▶ WORK ORDER: Please make an exact transcription of the records, keeping the pictures out of it.
*** EXERCISE MATERIAL ***
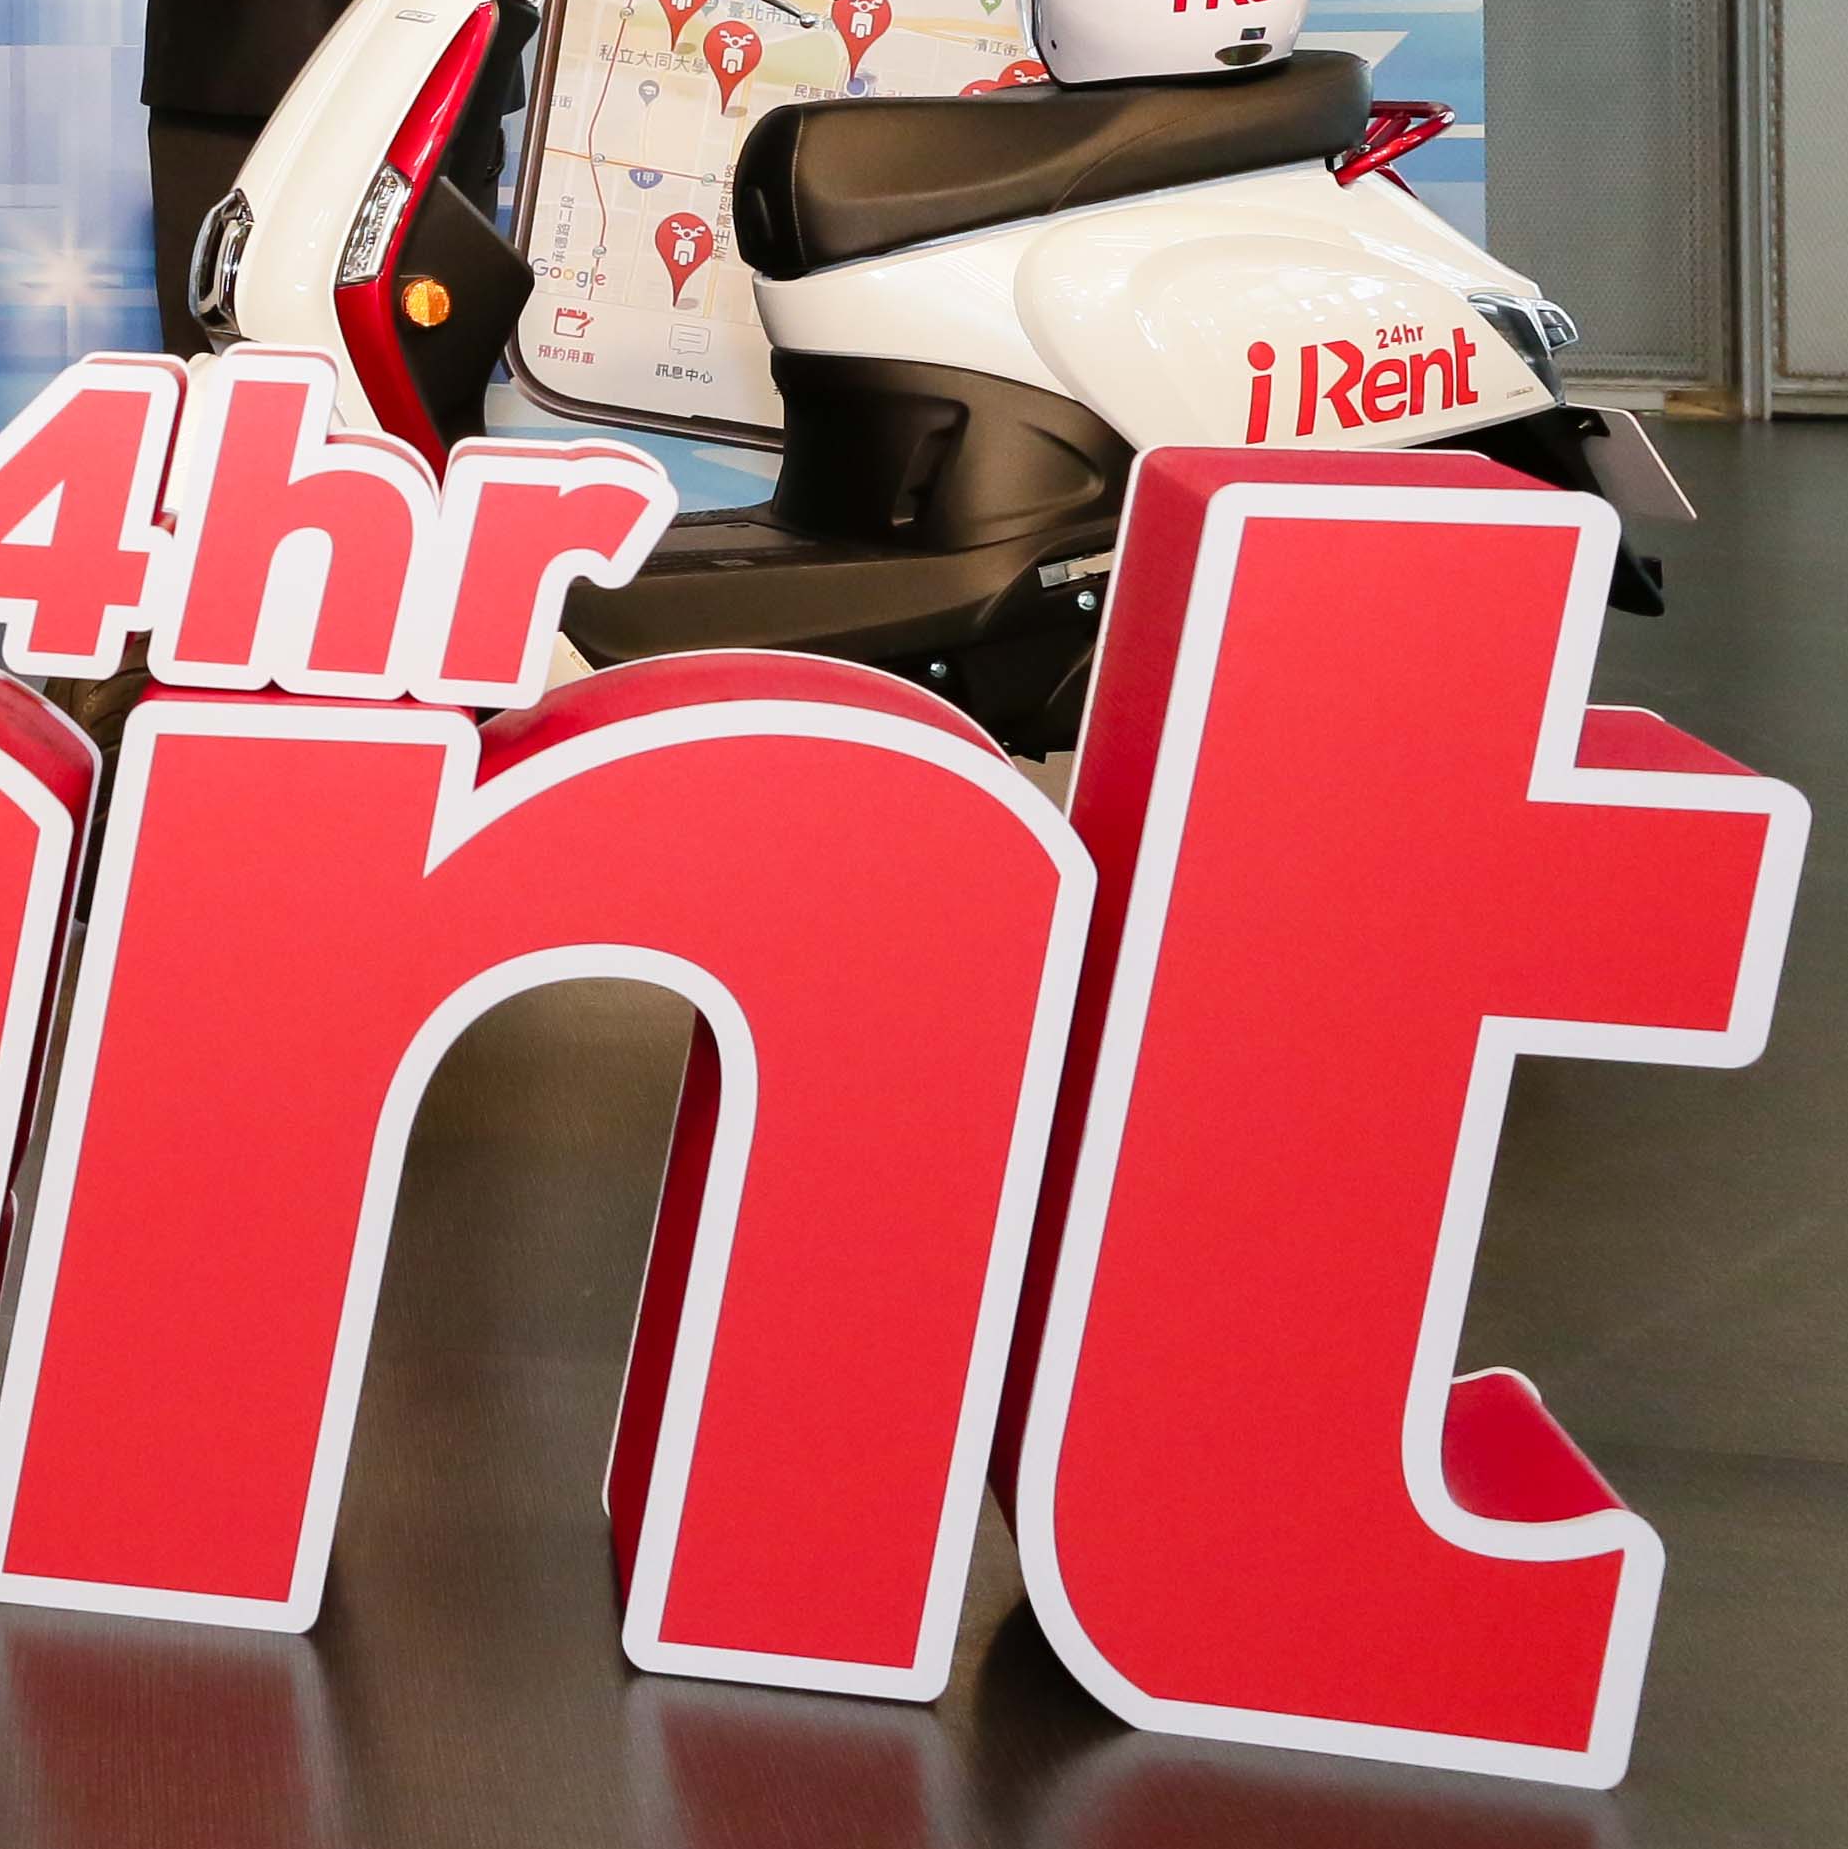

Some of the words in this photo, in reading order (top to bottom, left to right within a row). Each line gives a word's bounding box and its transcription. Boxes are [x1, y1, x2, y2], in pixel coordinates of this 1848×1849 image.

[531, 258, 607, 289] Google
[1375, 323, 1425, 351] 24hr
[537, 344, 595, 366] 預約用車
[655, 362, 714, 384] 訊息中心
[1245, 326, 1479, 445] iRent
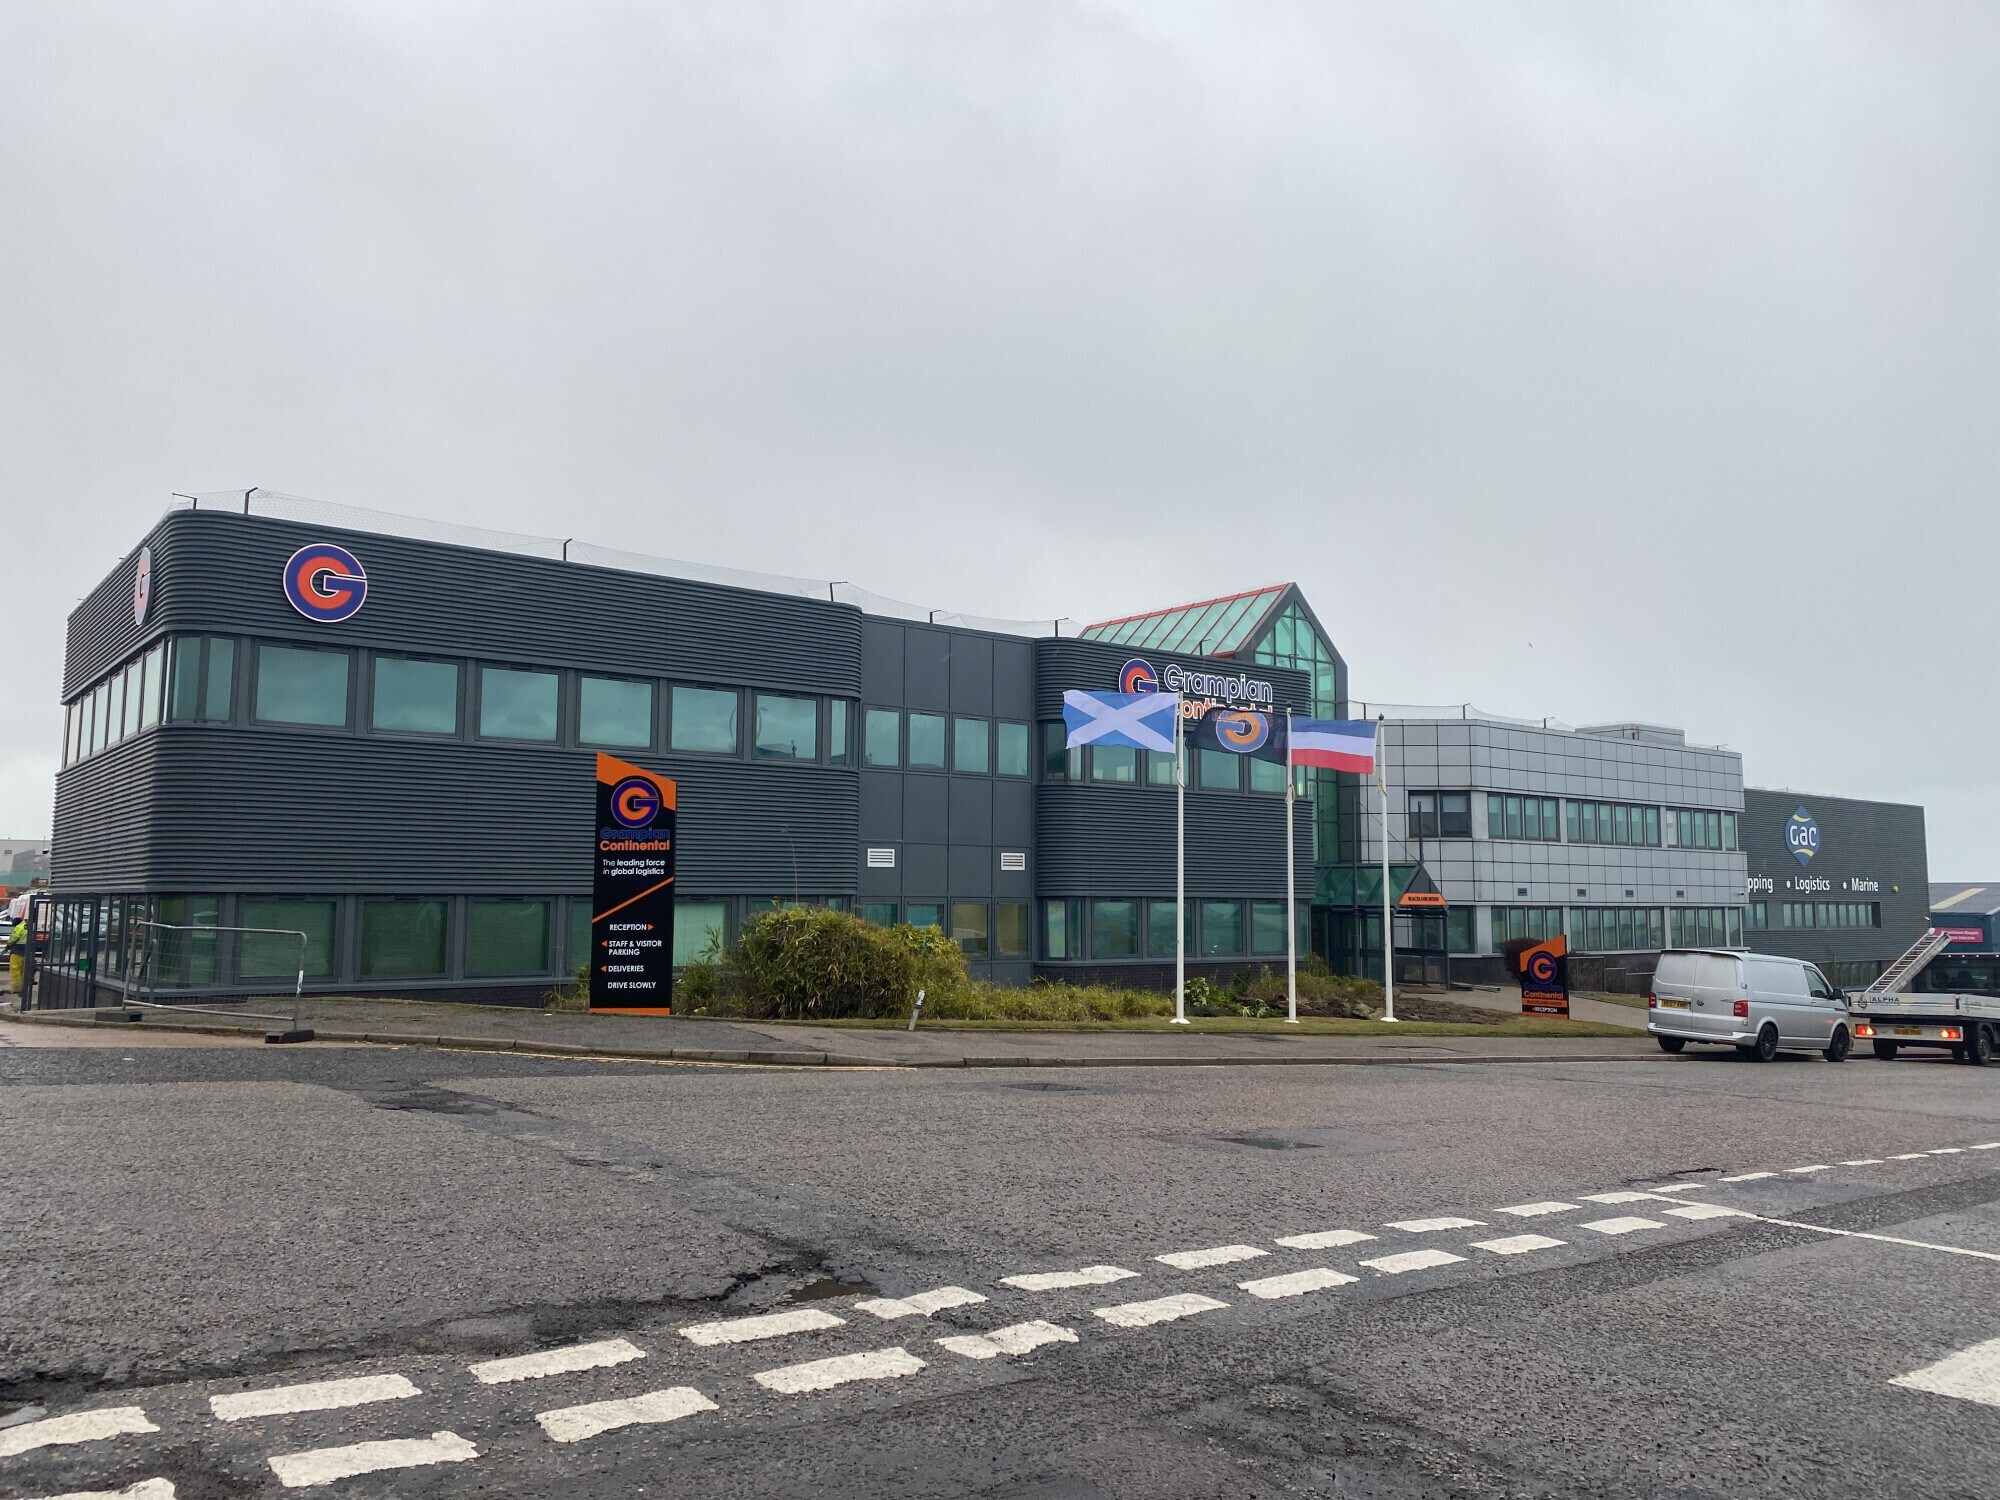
***
▶ WORKED SOLUTION:
Some of the words in this photo, in reading order (top to bottom, left to right within a row). Each line gives a word's bounding box and its transcription. Boxes are [x1, y1, x2, y2], in pixel coordinates of this 1848×1849 image.

[531, 258, 607, 289] Google
[1375, 323, 1425, 351] 24hr
[537, 344, 595, 366] 預約用車
[655, 362, 714, 384] 訊息中心
[1245, 326, 1479, 445] iRent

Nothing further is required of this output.